Conservative MP suspended after claims of watching porn in parliament

The chair of a parliamentary select committee has been suspended as a Conservative MP after being accused of watching pornography in the House of Commons chamber.
Neil Parish, MP for Tiverton and Honiton in Devon and chair of the Commons environment, food and rural affairs select committee, was revealed on Friday by the Daily Telegraph as the subject of a complaint by two female MPs about his behaviour.
The claims first came to light at a meeting of MPs on Tuesday night in which female members shared their experiences of sexism in parliament.
The charge against Parish is being examined by the Independent Complaints and Grievance Scheme (ICGS) for Parliament, which was established in the wake of a sexual harassment scandal that hit parliament in 2017. It investigates complaints relating to current and former members of the parliamentary community such as staffers or MPs.

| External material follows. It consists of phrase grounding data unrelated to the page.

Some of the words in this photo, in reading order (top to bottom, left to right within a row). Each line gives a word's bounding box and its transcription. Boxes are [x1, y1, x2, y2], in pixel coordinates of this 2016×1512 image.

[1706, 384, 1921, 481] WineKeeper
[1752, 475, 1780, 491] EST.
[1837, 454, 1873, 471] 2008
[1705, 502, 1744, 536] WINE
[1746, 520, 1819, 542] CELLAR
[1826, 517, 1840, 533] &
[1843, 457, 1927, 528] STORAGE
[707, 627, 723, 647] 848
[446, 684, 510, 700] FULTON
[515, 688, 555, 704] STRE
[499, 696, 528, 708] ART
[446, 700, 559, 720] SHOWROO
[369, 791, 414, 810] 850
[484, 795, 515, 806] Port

Parish has also reported himself to the standards committee of the House of Commons. A spokesperson for the Tory chief whip said: “Mr Parish has been suspended from the Conservative whip pending the outcome of that investigation.”

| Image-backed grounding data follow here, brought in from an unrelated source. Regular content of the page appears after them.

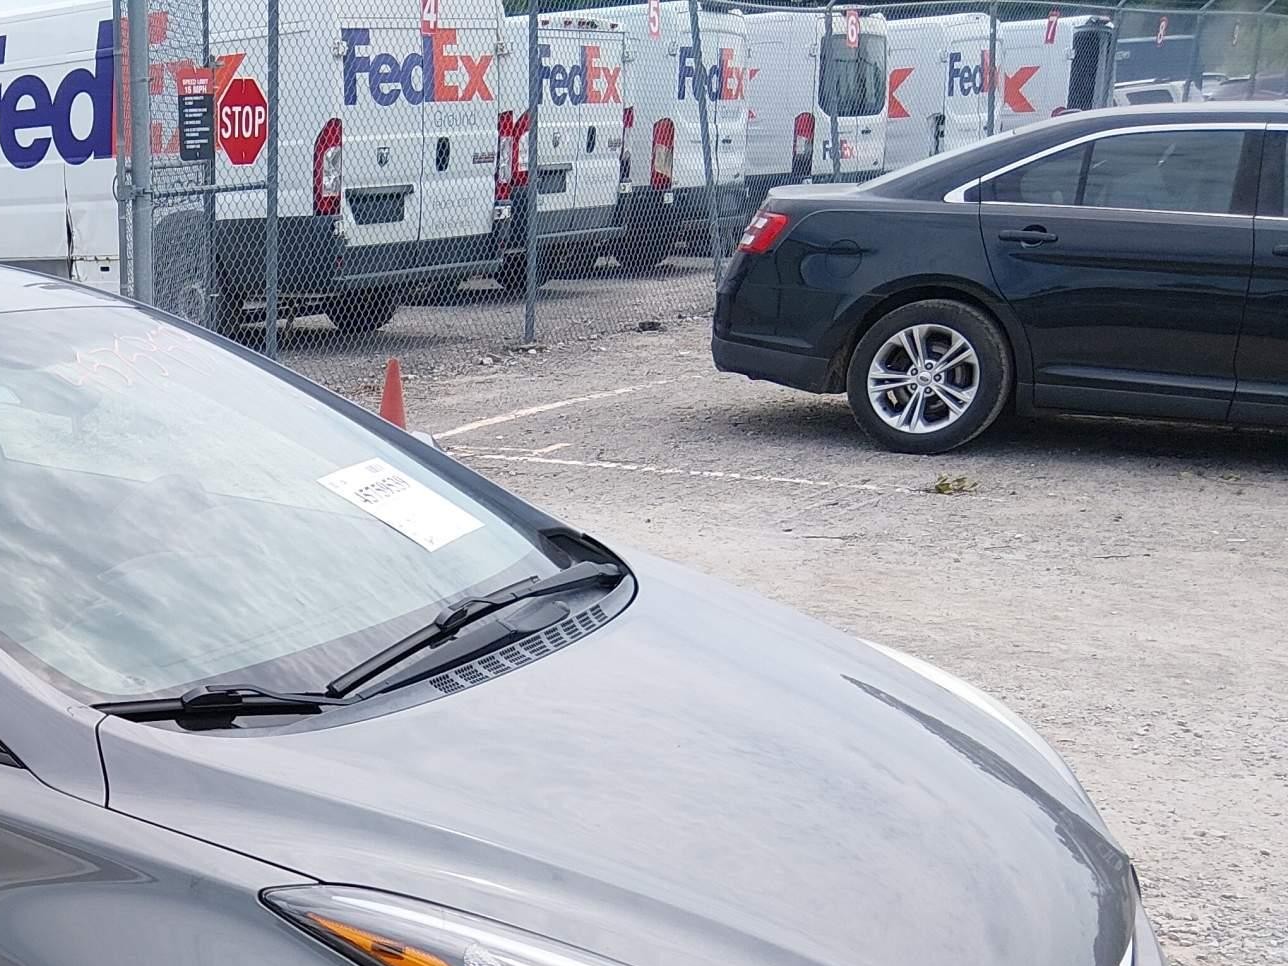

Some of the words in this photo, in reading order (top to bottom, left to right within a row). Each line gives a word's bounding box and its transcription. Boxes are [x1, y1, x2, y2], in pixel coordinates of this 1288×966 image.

[423, 0, 437, 29] 4
[649, 0, 659, 33] 5
[847, 14, 858, 43] 6
[1047, 16, 1058, 40] 7
[1157, 20, 1166, 44] 8
[341, 28, 494, 106] FedEx
[537, 44, 622, 106] FedEx
[185, 86, 192, 94] 15
[193, 86, 207, 94] MPH
[221, 106, 265, 139] STOP
[822, 139, 854, 160] FEx
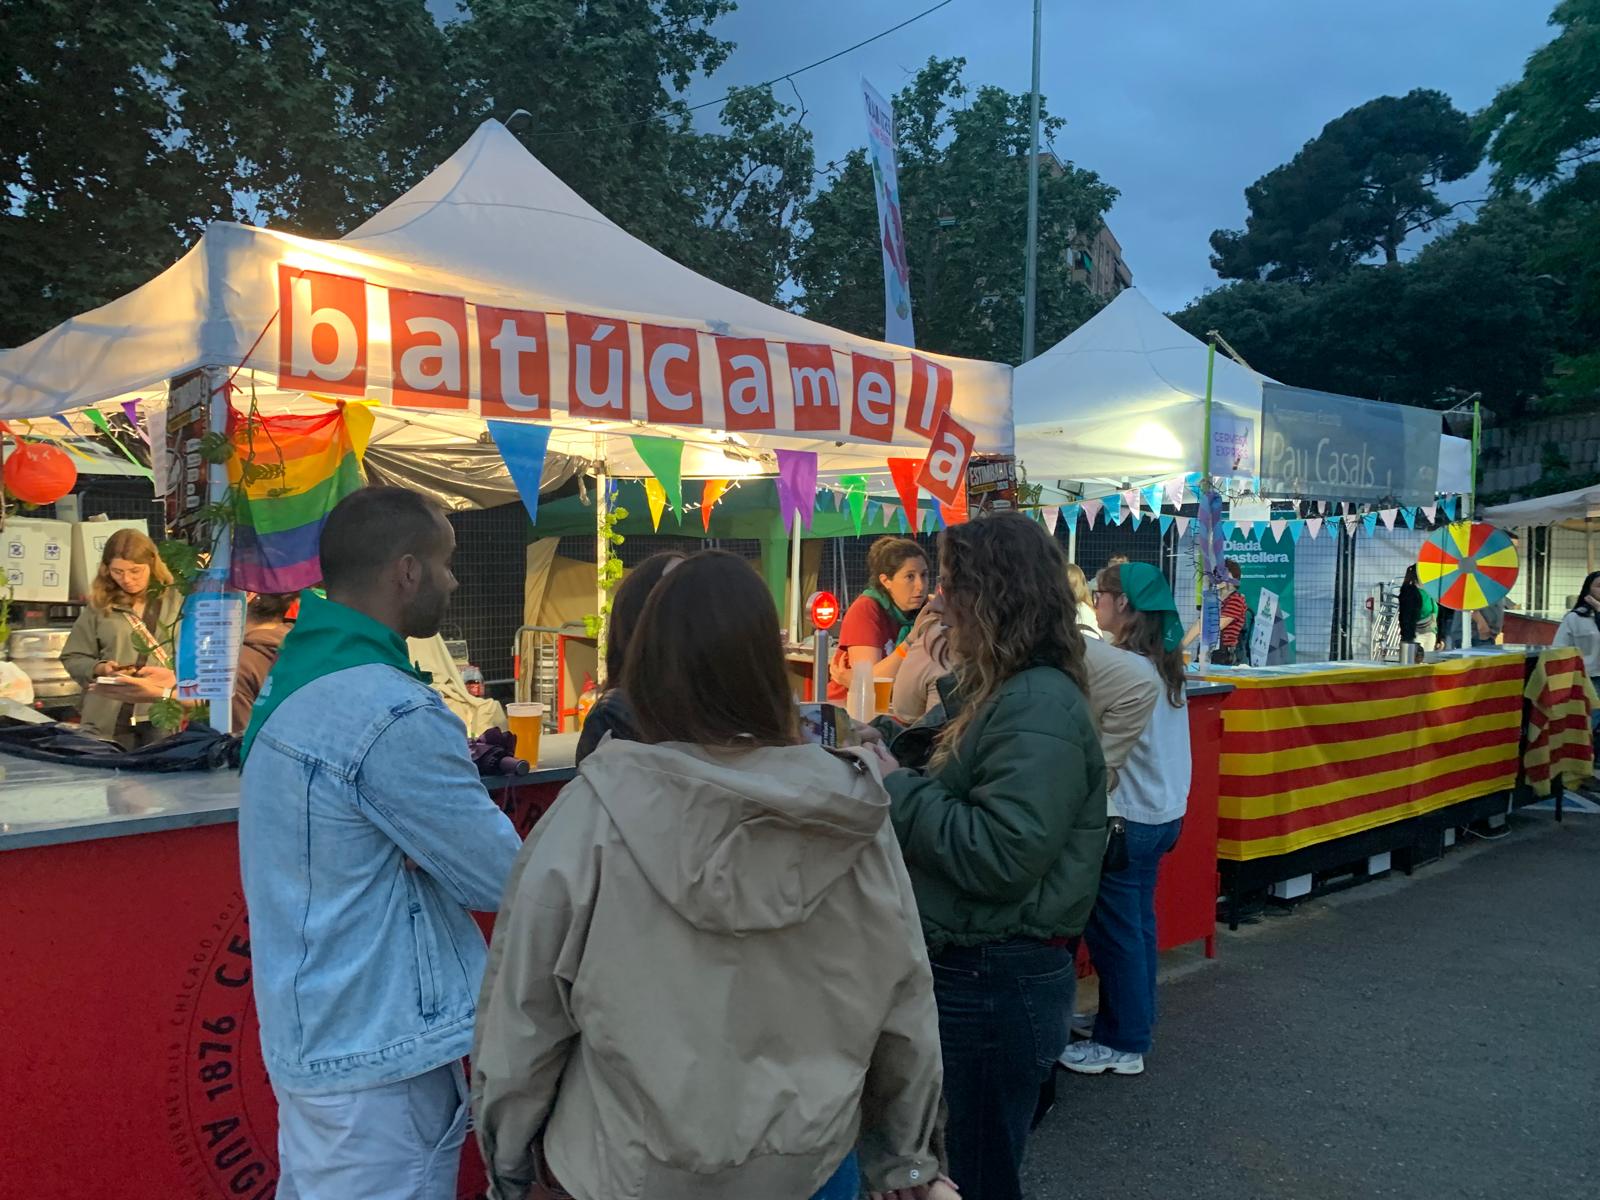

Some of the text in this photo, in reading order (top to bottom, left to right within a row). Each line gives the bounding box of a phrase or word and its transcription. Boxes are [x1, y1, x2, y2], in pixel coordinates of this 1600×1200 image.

Parish did not immediately respond to a request for comment.
Thangam Debbonaire, shadow leader of the Commons, said the Tories had known the identify of Parish for days. “This is a government rotting from the heads down,” she said. “Britain deserves better.”
The news comes just days after it emerged that the ICGS is looking at cases against 56 MPs. These 70 separate complaints include allegations of sexually inappropriate comments, bullying and even bribery.
Among those accused of misbehaviour are three cabinet ministers and two shadow cabinet ministers, who are all facing allegations of sexual misconduct.
On Friday morning a senior cabinet minister described how she was “pinned up against a wall” by a former Tory MP amid a wave of fresh claims about a toxic culture of sexual misconduct in parliament.
Anne-Marie Trevelyan, the international trade secretary, told colleagues to “keep your hands in your pockets” as she revealed that she had been subjected to “wandering hands” by half a dozen men in Westminster.
Trevelyan said most of her male colleagues were delightful, committed parliamentarians but said others believed that “they can suddenly please themselves” in parliament.
“We might describe it as wandering hands, if you like, we might describe it as, you know, a number of years ago being pinned up against a wall by a male MP who is now no longer in the House, I’m pleased to say, declaring that I must want him because he was a powerful man,” she told LBC Radio. “These sorts of things, these power abuses, that a very small minority, thank goodness, of male colleagues show is completely unacceptable.”
In the last month Imran Ahmad Khan, a Tory MP, resigned after being convicted of the sexual assault of a 15-year-old boy in 2008. David Warburton, another Conservative MP, had the whip suspended after it emerged that he was under investigation for alleged sexual harassment.
There has been further disquiet this week after the Mail on Sunday reported that a Tory MP had claimed that Angela Rayner, deputy Labour leader, tried to distract Boris Johnson during the weekly prime minister’s questions by crossing and uncrossing her legs. The unfounded claim was roundly rejected by MPs on both sides of the House.
Rayner is, meanwhile, under pressure herself after she belatedly admitted that she was at a controversial work meeting in Durham in April 2021 — during a Covid lockdown — where Labour leader Sir Keir Starmer was photographed with a beer. The party said a previous denial had been “a mistake made in good faith”.
In response to a request by a Conservative MP, Durham Police have agreed to “make inquiries” with officers who first examined claims against Starmer and concluded he had broken no lockdown rules.
Some people in parliament have questioned the ICGS’s handling of complaints against Liam Byrne, a Labour MP who this week was suspended for two days from the Commons after being found guilty of bullying.
Witnesses who gave evidence against Byrne found out during the process that he had been handed their unredacted evidence, despite being assured their submissions would be treated confidentially, Politico revealed on Friday.